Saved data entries
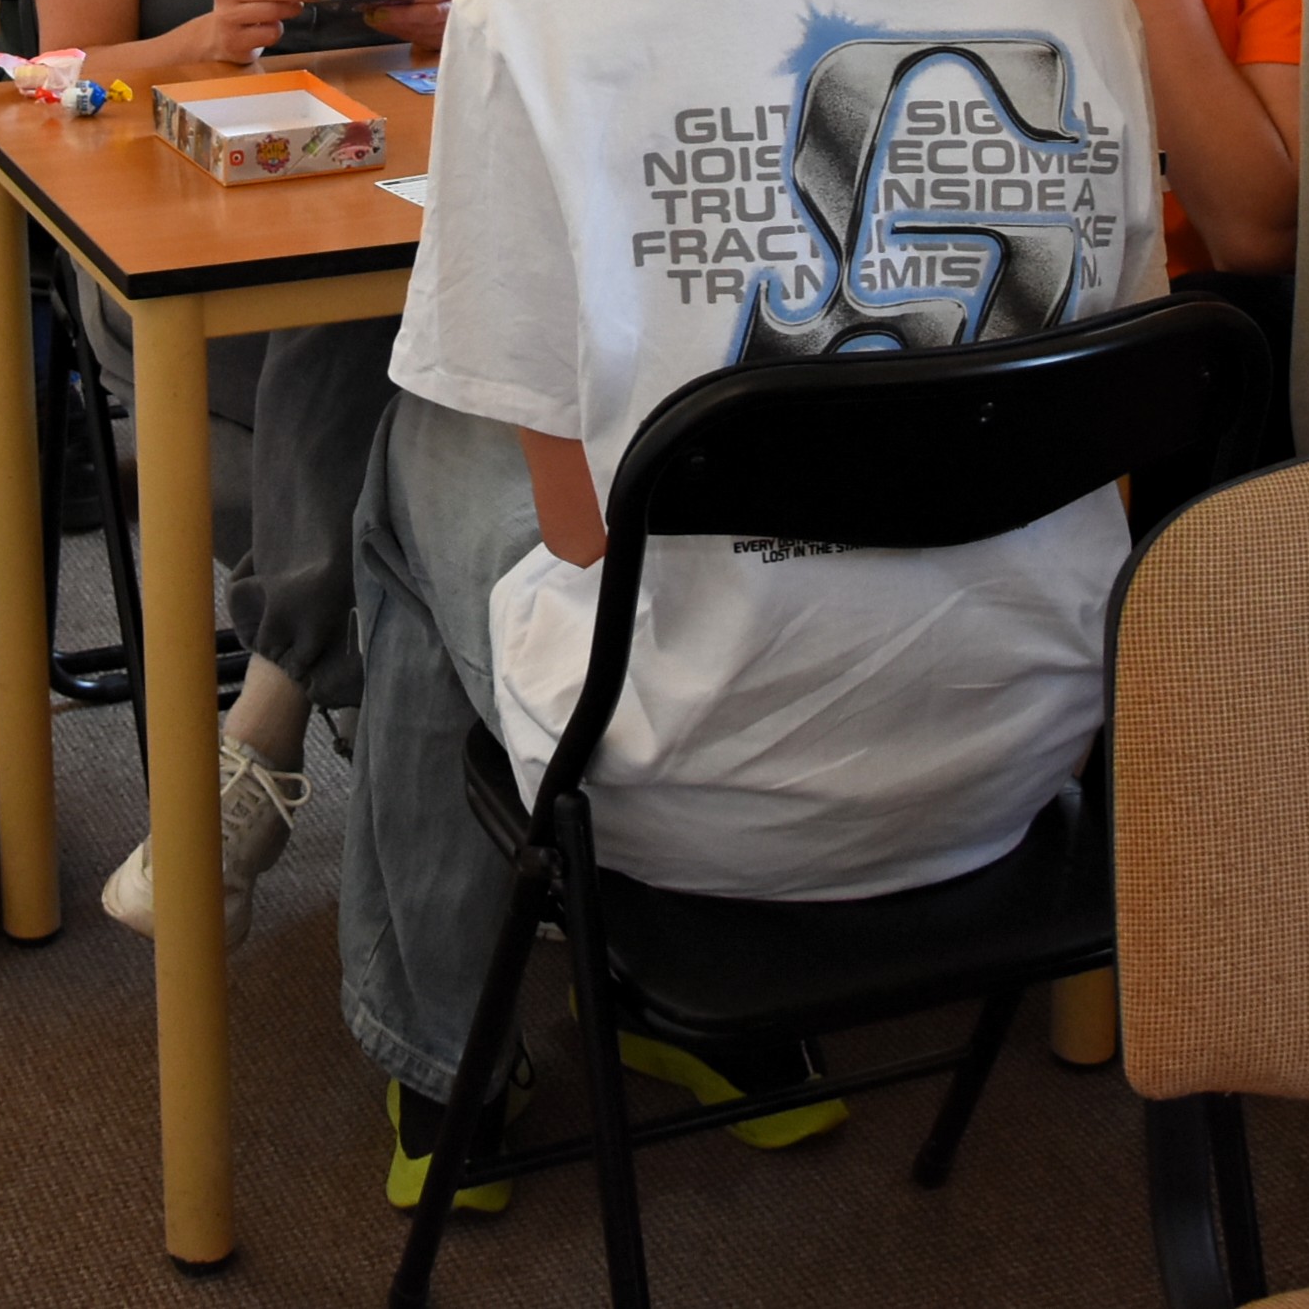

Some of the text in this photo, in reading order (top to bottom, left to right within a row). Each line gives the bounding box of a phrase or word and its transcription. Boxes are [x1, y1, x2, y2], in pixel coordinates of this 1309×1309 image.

[674, 104, 791, 145] GLIT
[643, 139, 1120, 187] NOIS ECOMES
[872, 178, 1067, 215] NSIDE
[1073, 178, 1096, 213] A
[733, 538, 776, 554] EVERY
[761, 548, 791, 564] LOST
[793, 546, 806, 558] IN
[808, 542, 833, 556] THE
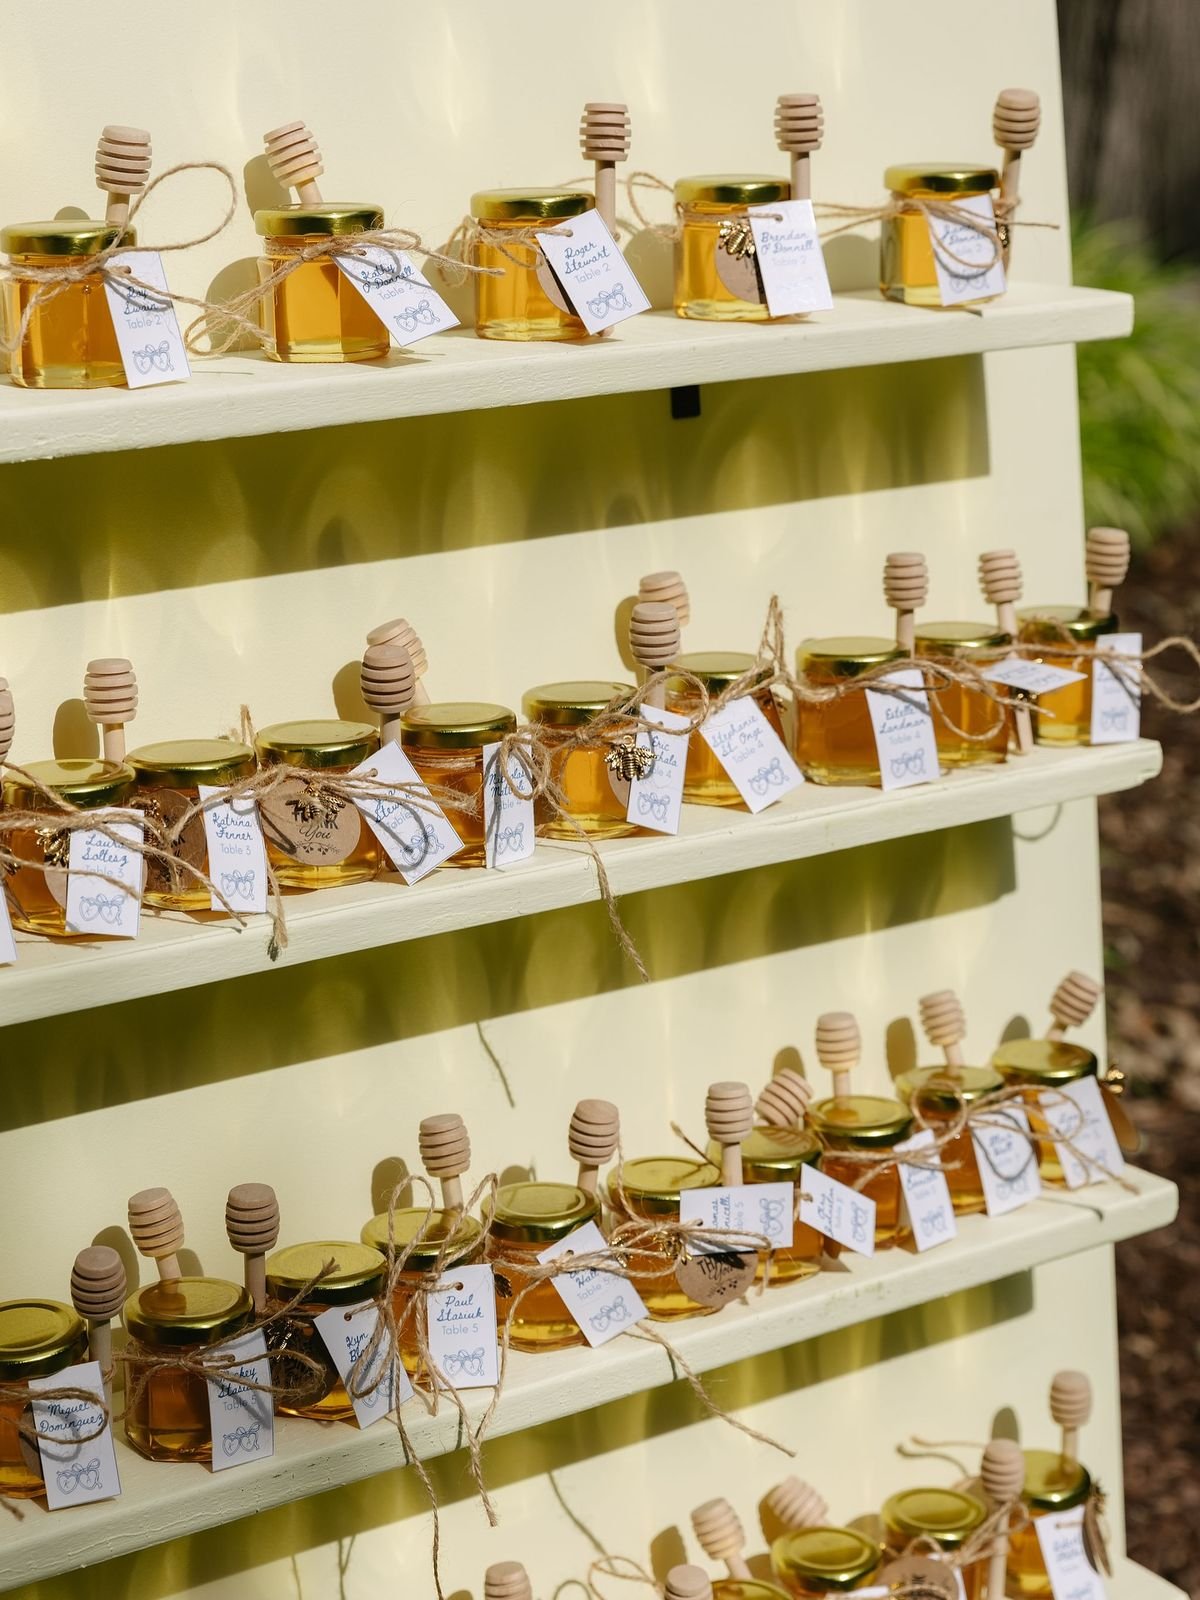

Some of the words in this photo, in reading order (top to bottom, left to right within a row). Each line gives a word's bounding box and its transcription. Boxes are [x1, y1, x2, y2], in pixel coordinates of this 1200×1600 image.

[761, 229, 809, 244] Brendan
[564, 242, 597, 259] Roger
[564, 246, 611, 275] Stewart
[361, 263, 396, 280] Kathy
[575, 268, 601, 284] Table
[602, 262, 612, 272] 2
[378, 284, 405, 300] Table
[408, 282, 415, 291] 2
[126, 317, 153, 330] Table
[155, 314, 162, 326] 2
[711, 715, 758, 749] Stephanie
[212, 812, 252, 828] Katrina
[216, 826, 253, 841] Fenner
[299, 824, 332, 842] You
[220, 843, 242, 855] Table
[246, 845, 252, 857] 3
[445, 1293, 474, 1307] Paul
[436, 1307, 485, 1322] Stasiuk
[442, 1324, 468, 1336] Table
[472, 1322, 479, 1333] 5
[345, 1332, 369, 1350] Kym
[47, 1402, 91, 1418] Miguel
[223, 1398, 248, 1412] Table
[251, 1394, 257, 1405] 5
[39, 1413, 105, 1433] Dominguez
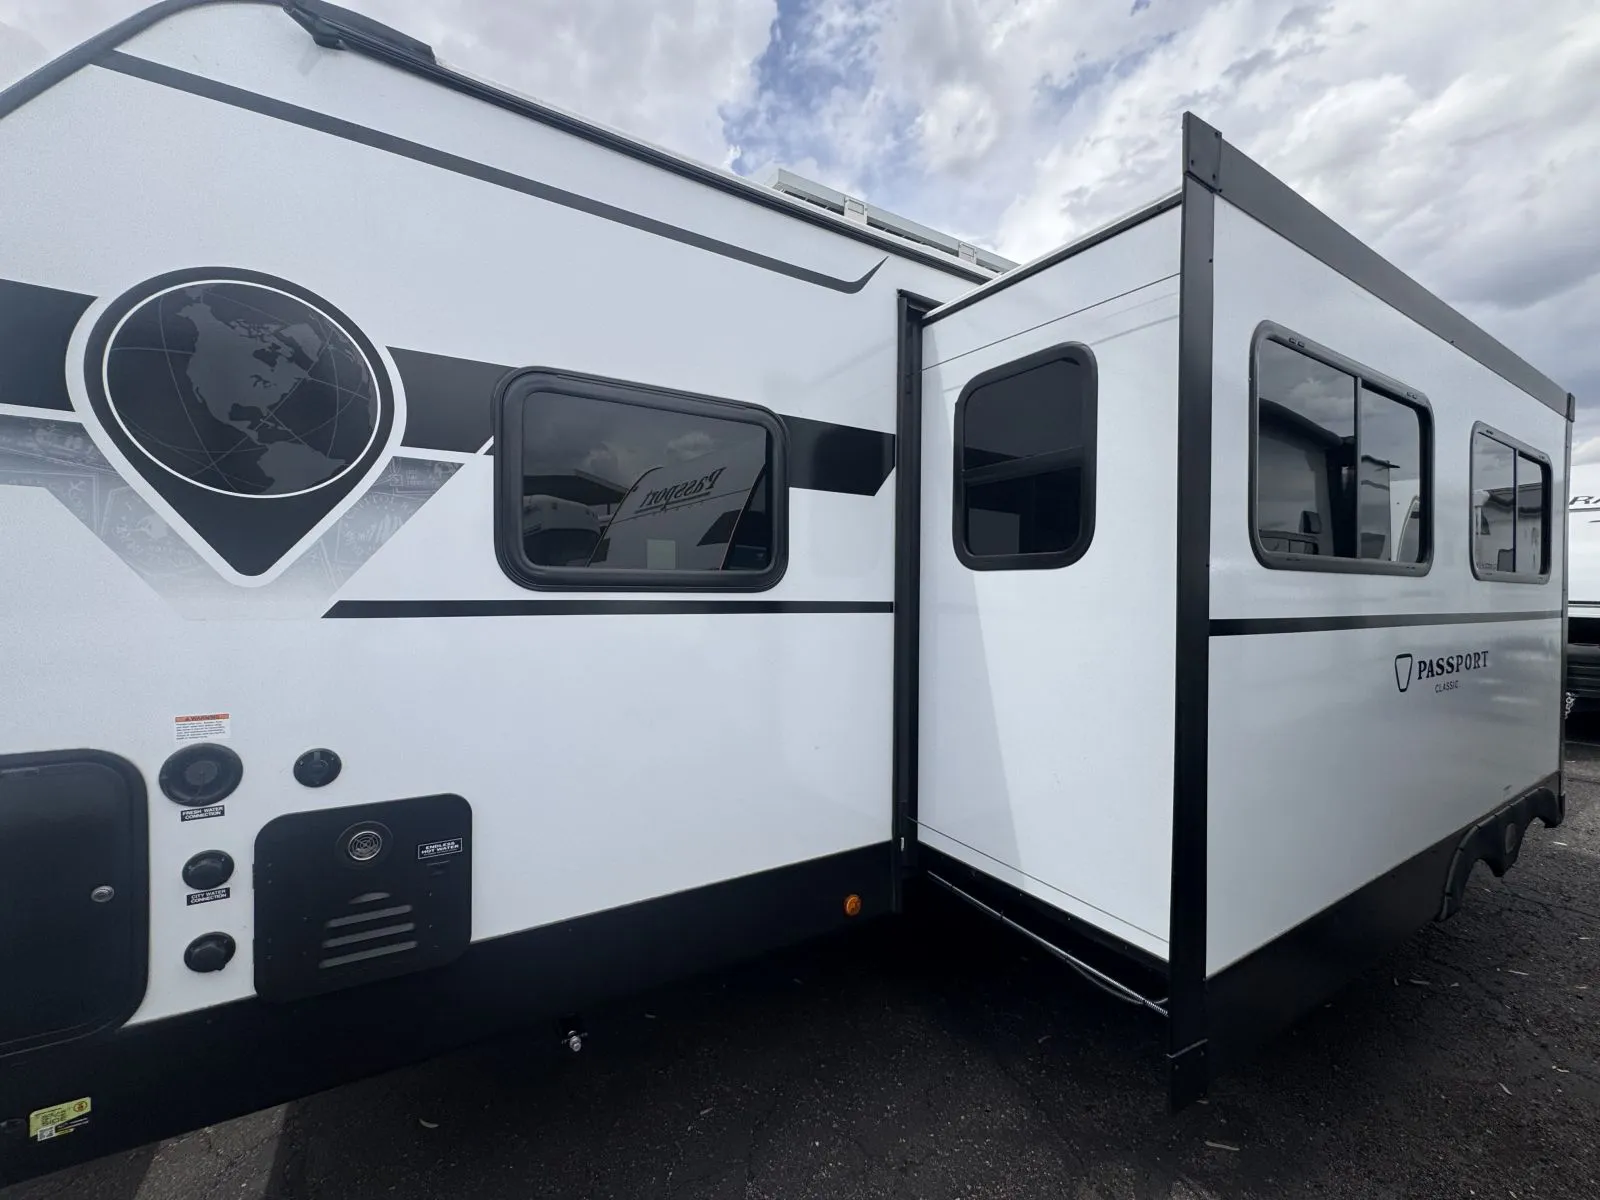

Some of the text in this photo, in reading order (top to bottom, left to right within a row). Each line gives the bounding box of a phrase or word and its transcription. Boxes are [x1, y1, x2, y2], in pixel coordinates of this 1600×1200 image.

[1417, 651, 1489, 681] PASSPORT
[1434, 680, 1459, 694] CLASSIC
[182, 805, 224, 817] FRESH WATER
[184, 811, 221, 820] CONNECTION
[426, 842, 455, 850] ENDLESS
[191, 894, 226, 903] CONNECTION

WHAT THE EXERCISE ASKS
What you output must match the data exactly, apart from the pictures, which are left out.

TASK RESULT
Some of the text in this photo, in reading order (top to bottom, left to right within a row). Each line gives the bounding box of a phrase or word and its transcription. Boxes are [x1, y1, x2, y2], in pixel coordinates of this 1309×1309 image.

[674, 104, 791, 145] GLIT
[643, 139, 1120, 187] NOIS ECOMES
[872, 178, 1067, 215] NSIDE
[1073, 178, 1096, 213] A
[733, 538, 776, 554] EVERY
[761, 548, 791, 564] LOST
[793, 546, 806, 558] IN
[808, 542, 833, 556] THE

Some of the words in this photo, in reading order (top to bottom, left to right within a row). Each line gives a word's bounding box and its transcription. Boxes are [x1, y1, x2, y2], in pixel coordinates of this 1200×1600 image.

[761, 229, 809, 244] Brendan
[564, 242, 597, 259] Roger
[564, 246, 611, 275] Stewart
[361, 263, 396, 280] Kathy
[575, 268, 601, 284] Table
[602, 262, 612, 272] 2
[378, 284, 405, 300] Table
[408, 282, 415, 291] 2
[126, 317, 153, 330] Table
[155, 314, 162, 326] 2
[711, 715, 758, 749] Stephanie
[212, 812, 252, 828] Katrina
[216, 826, 253, 841] Fenner
[299, 824, 332, 842] You
[220, 843, 242, 855] Table
[246, 845, 252, 857] 3
[445, 1293, 474, 1307] Paul
[436, 1307, 485, 1322] Stasiuk
[442, 1324, 468, 1336] Table
[472, 1322, 479, 1333] 5
[345, 1332, 369, 1350] Kym
[47, 1402, 91, 1418] Miguel
[223, 1398, 248, 1412] Table
[251, 1394, 257, 1405] 5
[39, 1413, 105, 1433] Dominguez

Some of the text in this photo, in reading order (top to bottom, left to right within a row). Each line gives the bounding box of a phrase or word and its transcription. Boxes are [x1, y1, x2, y2], in pixel coordinates of this 1600×1200 image.

[1417, 651, 1489, 681] PASSPORT
[1434, 680, 1459, 694] CLASSIC
[182, 805, 224, 817] FRESH WATER
[184, 811, 221, 820] CONNECTION
[426, 842, 455, 850] ENDLESS
[191, 894, 226, 903] CONNECTION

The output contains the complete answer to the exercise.